(Extracted data)
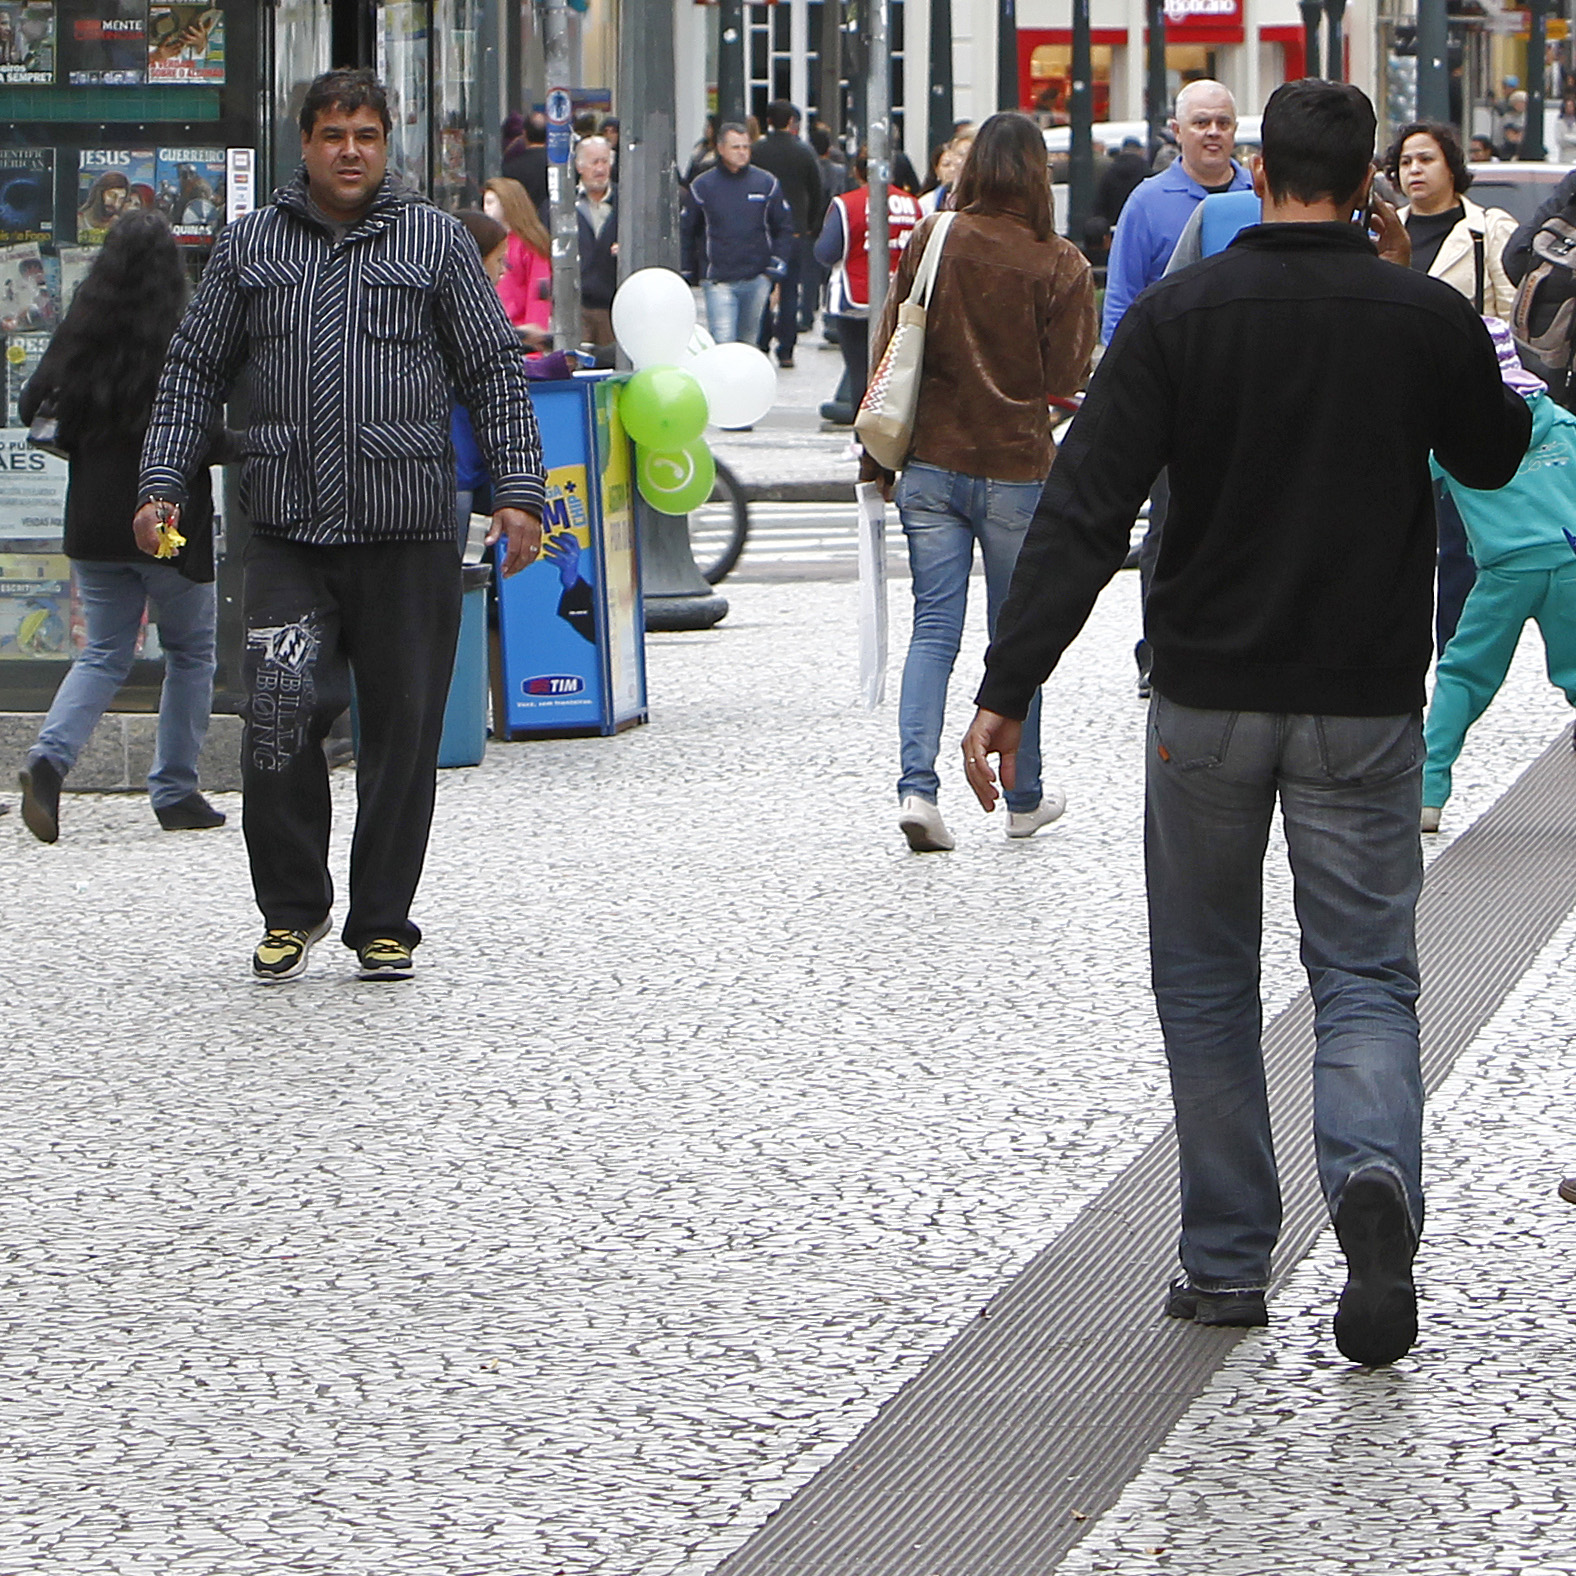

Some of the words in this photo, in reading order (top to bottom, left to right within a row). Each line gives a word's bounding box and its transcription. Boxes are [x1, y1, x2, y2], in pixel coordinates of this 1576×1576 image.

[102, 19, 143, 31] MENTE
[7, 73, 53, 83] SEMPRE?
[79, 150, 130, 168] JESUS
[25, 231, 52, 242] Fogo
[171, 225, 213, 236] QUINAS
[568, 494, 586, 527] CHIP
[549, 678, 578, 693] TIM
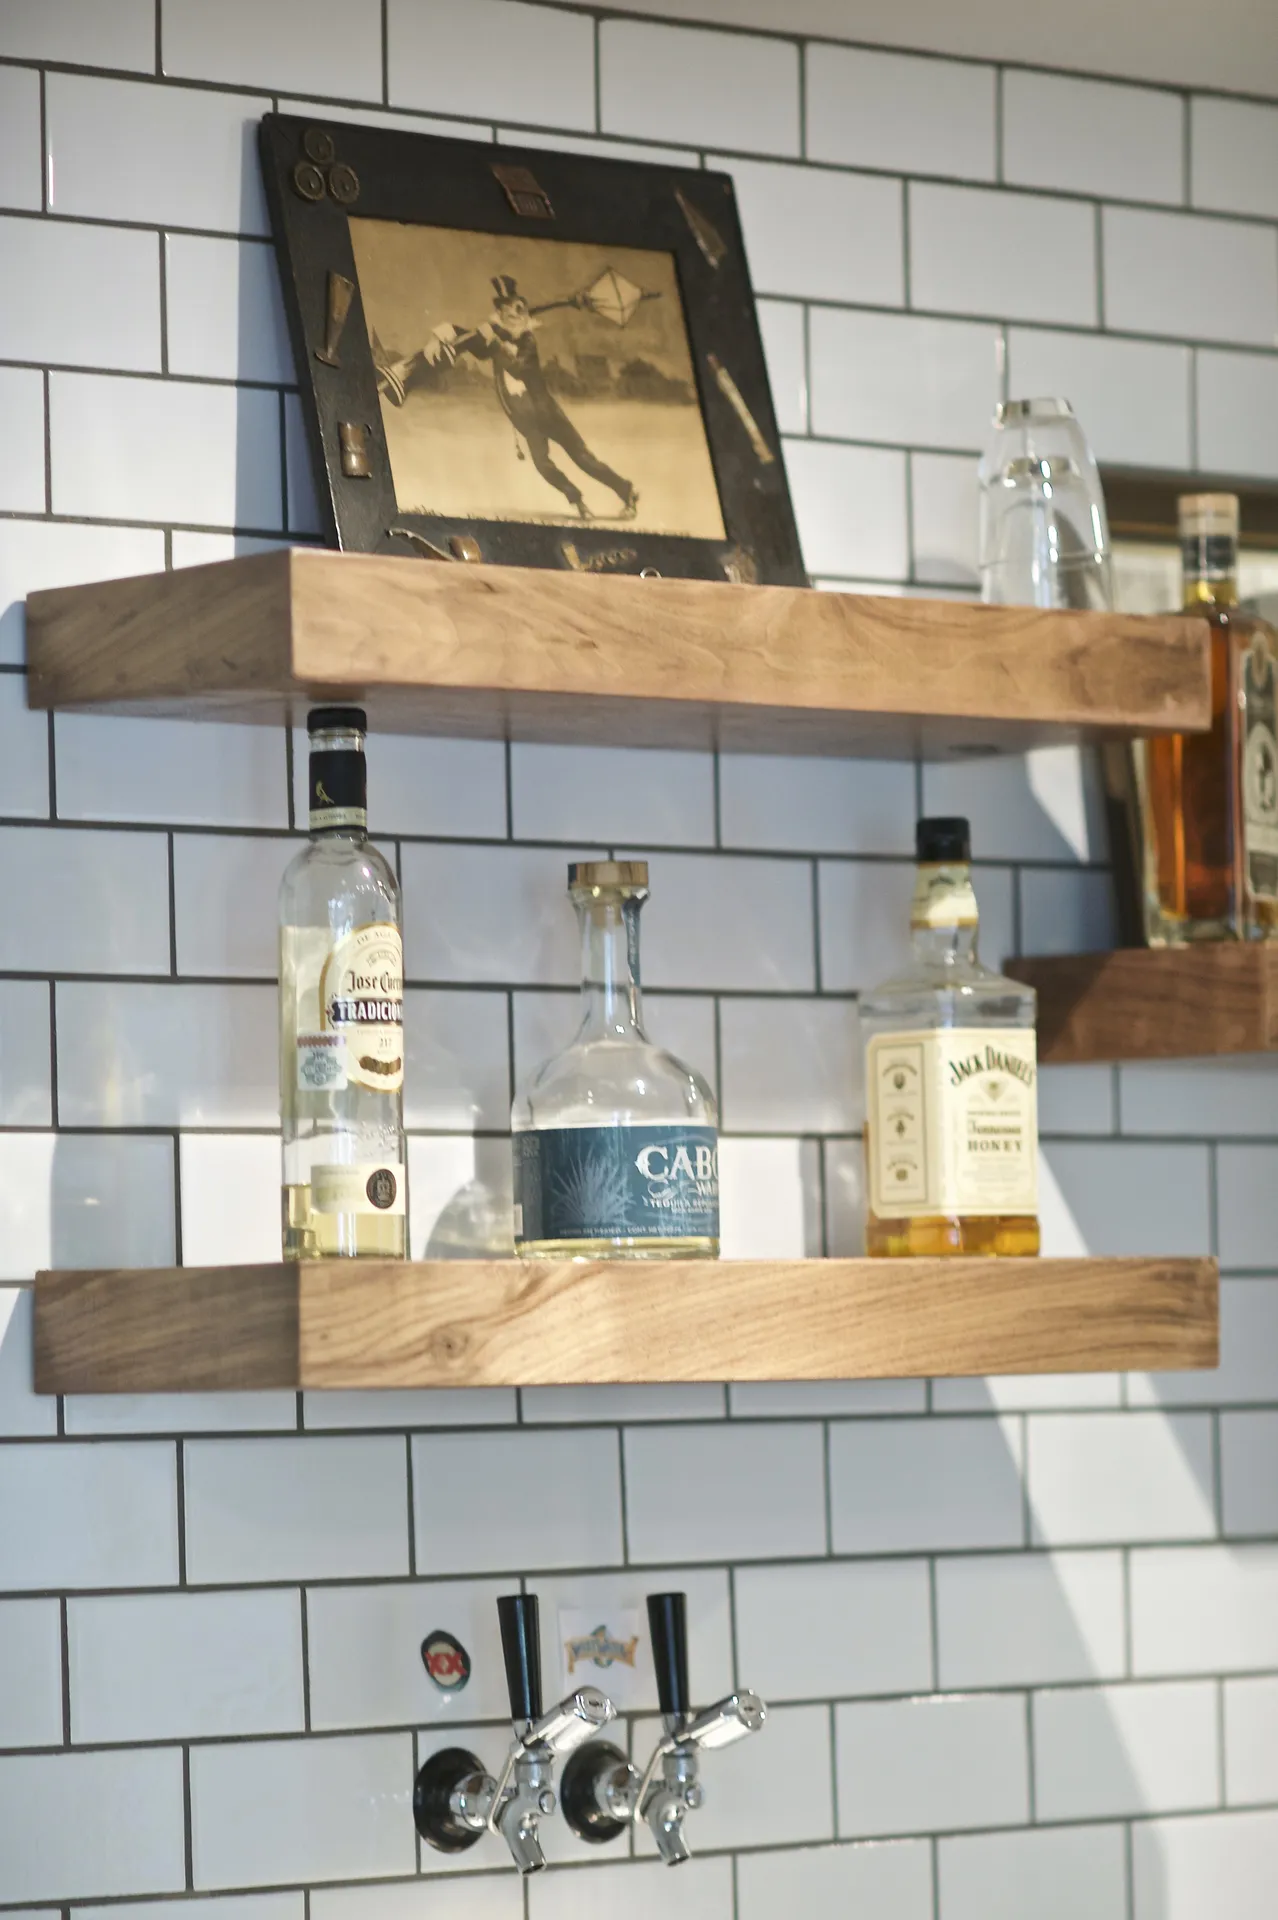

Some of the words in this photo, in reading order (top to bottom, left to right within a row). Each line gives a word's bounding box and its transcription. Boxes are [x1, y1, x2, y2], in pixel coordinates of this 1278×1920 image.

[346, 970, 378, 993] Jose
[948, 1053, 983, 1087] JACK
[967, 1139, 1022, 1152] HONEY
(End Extracted data)
Aim of the task
Nothing but the lines from the one containing "this 1278×1920 image." through the final line of the data above is to be reproduced, each exactly as written.

Result for this exercise
Some of the words in this photo, in reading order (top to bottom, left to right within a row). Each line gives a word's bounding box and its transcription. Boxes are [x1, y1, x2, y2], in pixel coordinates of this 1278×1920 image.

[346, 970, 378, 993] Jose
[948, 1053, 983, 1087] JACK
[967, 1139, 1022, 1152] HONEY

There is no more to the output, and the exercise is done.